Market Conditions in Our Industry

        The United States contract land drilling services industry is highly cyclical. Volatility in oil and gas prices can produce wide swings in the levels of overall drilling activity in the markets we serve and affect the demand for our drilling services and the dayrates we can charge for our rigs. The availability of financing sources, past trends in oil and gas prices and the outlook for future oil and gas prices strongly influence the number of wells oil and gas exploration and production companies decide to drill.

        Beginning in 1998 and extending into 1999, the domestic contract land drilling industry was adversely affected by an extended period of low oil and gas prices and a domestic natural gas surplus. The price of West Texas Intermediate crude dropped to a low of $10.76 in December 1998 and the price of natural gas dropped to a low of $1.66 in February 1999. These conditions led to significant reductions in the overall level of domestic land drilling activity resulting in an historical low domestic land rig count of 393 rigs on April 23, 1999. Prior to this industry downturn, during 1997, the contract land drilling industry experienced a significant level of drilling activity, with a domestic land rig count of 899 rigs on December 26, 1997. Also in 1997, the average price of natural gas delivered at Henry Hub, Louisiana was approximately $2.48 per mmbtu and the average price of West Texas Intermediate crude was approximately $20.59 per barrel.

        Oil and natural gas prices rose sharply in calendar year 2000 and through mid 2001. The average price of natural gas for 2000 was $4.32 per mmbtu and for the period from January 1, 2001 through May 31, 2001 was $5.70. The average price of West Texas Intermediate crude for 2000 was $30.38 per barrel and for the period from January 1, 2001 through May 31, 2001 was $28.46. The average prices of natural gas and crude oil for our fiscal year ended March 31, 2002 were $3.00 per mmbtu and $24.00 per barrel, respectively. Natural gas prices began falling in mid 2001 to a low of approximately $2.00 per mmbtu before returning to current levels of $3.80 to $4.50 per mmbtu. Oil prices are currently in the $27.00 to $29.00 per barrel range.

        Primarily as a result of the increase in oil and natural gas prices, exploration and production companies increased their capital spending budgets in 2000 and early 2001. These increased spending budgets increased the demand for contract drilling services. The domestic land rig count climbed to 1,105 on May 31, 2001, representing an increase in the domestic land rig count of 181% from the low in April 1999 and of 23% since December 31, 1997. While market conditions improved in 2000 and into mid 2001, demand for contract land drilling services has declined since mid 2001 along with natural gas prices, leading to a substantial reduction in the rates land drilling companies have been able to obtain for their services. The domestic land rig count was 727 on October 25, 2002, a 20% decrease from 906 on October 26, 2001. While natural gas prices have recovered somewhat in recent months,

9



drilling activity has not; therefore, we expect dayrates and rig utilization rates to remain depressed in our industry until demand for land drilling services begins to recover from current levels.

Critical Accounting Policies and Estimates

        Revenue and cost recognition—We earn our revenues by drilling oil and gas wells for our customers under daywork, turnkey or footage contracts, which usually provide for the drilling of a single well.

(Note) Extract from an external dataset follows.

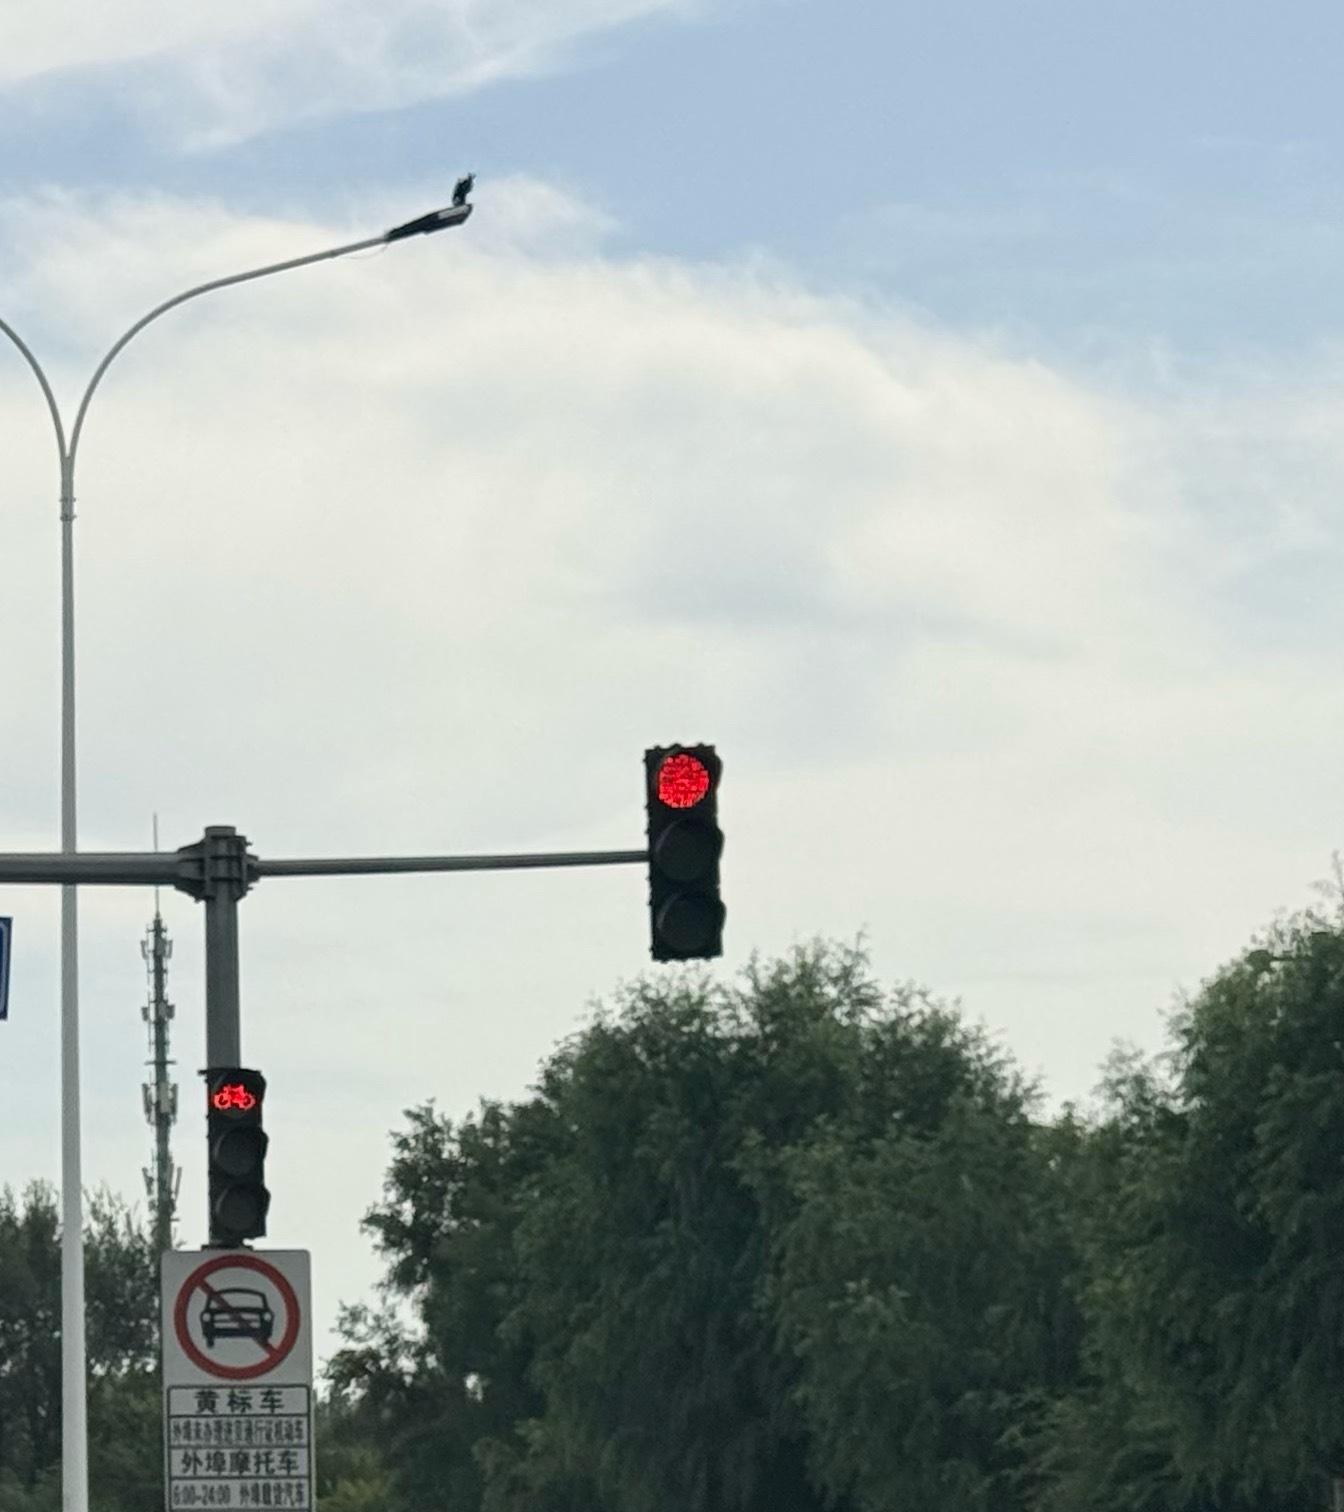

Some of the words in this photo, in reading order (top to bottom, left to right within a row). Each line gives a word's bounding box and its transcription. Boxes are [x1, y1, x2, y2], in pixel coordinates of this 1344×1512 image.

See "Results of Operations" below for a general description of these contracts. We recognize revenues on daywork contracts for the days completed based on the dayrate each contract specifies. We recognize revenues from our turnkey and footage contracts on the percentage-of-completion method based on our estimate of the number of days to complete each well. Contract drilling in progress represents revenues we have recognized in excess of amounts billed on contracts in progress. Individual wells are usually completed in less than 60 days. The risks to us under a turnkey contract, and to a lesser extent under footage contracts, are substantially greater than on a well drilled on a daywork basis, because we assume most of the risks associated with drilling operations generally assumed by the operator in a daywork contract, including the risk of blowout, loss of hole, stuck drill pipe, machinery breakdowns, abnormal drilling conditions and risks associated with subcontractors' services, supplies, cost escalations and personnel operations.

        We accrue estimated contract costs on turnkey and footage contracts for each day of work completed based on our estimate of the total cost to complete the contract divided by our estimate of the number of days to complete the contract. Contract costs include labor, materials, supplies, repairs and maintenance and operating overhead allocations. Changes in job performance, job conditions and estimated profitability on uncompleted contracts may result in revisions to costs and income, including losses, which we recognize in the period in which we determine the revisions. In addition, the occurrence of uninsured or under insured losses or operating cost overruns on our turnkey and footage contracts could have a material adverse effect on our financial position and results of operations. Therefore, our actual results could differ significantly if our cost estimates are later revised from our original estimates.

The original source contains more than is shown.